A primera vista, la medida parecería otro nuevo gesto machista a los que esta
parte del mundo nos tiene acostumbrados. Todo lo contrario. El real decreto es
una lanza a favor de las mujeres, de que puedan trabajar fuera de casa.
Me explico. No se trata sólo de que a una le pueda dar pudor preguntarle
por la copa C a un guapo dependiente libanés (a mí me lo daría), o de que las
manos del no tan joven jordano sobre la blonda negra de un tanga rocen el morbo
de una película X. Sin duda, muchas saudíes (y las numerosas extranjeras que
habitan el reino) van a sentirse más cómodas hablando de tallas, estilos y
formas con una mujer al otro lado del mostrador, como dejó claro la campaña
“Basta de pasar vergüenza”. Pero la clave no está en sus apuros, sino en las
consecuencias del cambio para las mujeres. Con los clérigos hemos topado.

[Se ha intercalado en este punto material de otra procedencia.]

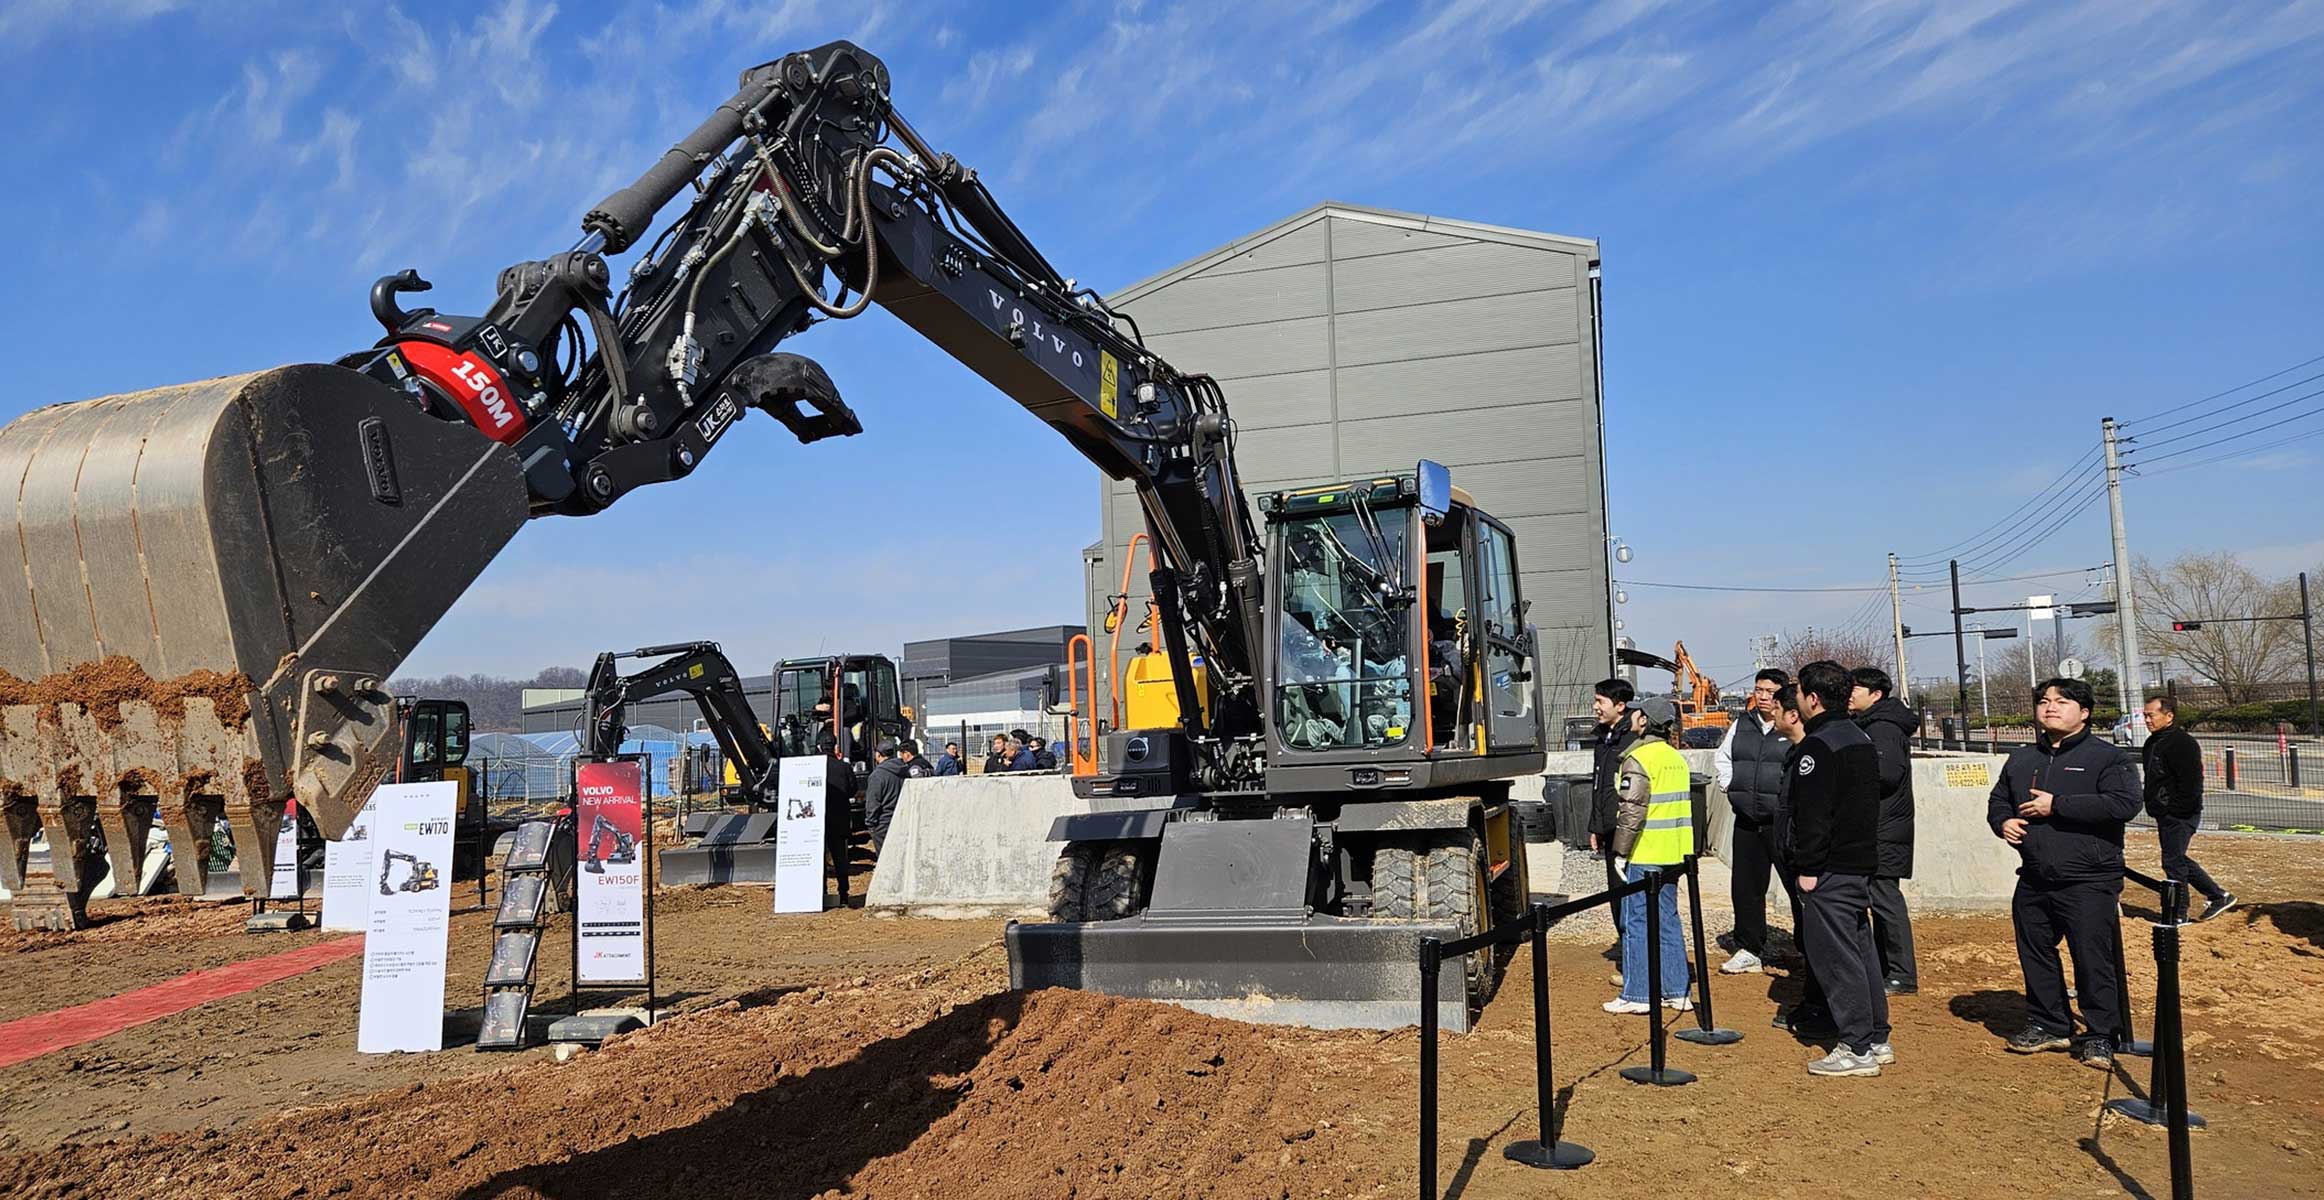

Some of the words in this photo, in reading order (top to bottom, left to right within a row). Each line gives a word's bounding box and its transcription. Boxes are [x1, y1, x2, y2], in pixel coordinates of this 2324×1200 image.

De lo que se quejan los ultraconservadores ulemas saudíes no es de la
anomalía de que las clientas tuvieran que pasar por el trago de explicar sus
necesidades de bragas, sujetadores o fajas a unos perfectos desconocidos, en un
país donde hombres y mujeres crecen segregados por ley y esos asuntos
personales llegan con menor frecuencia que en Occidente a una conversación
coloquial. Lo que no pueden soportar, y así lo han hecho saber, es que la
medida haya dado la posibilidad de trabajar fuera de casa a unas 40.000 mujeres
en 7.300 tiendas distribuidas por todo el país.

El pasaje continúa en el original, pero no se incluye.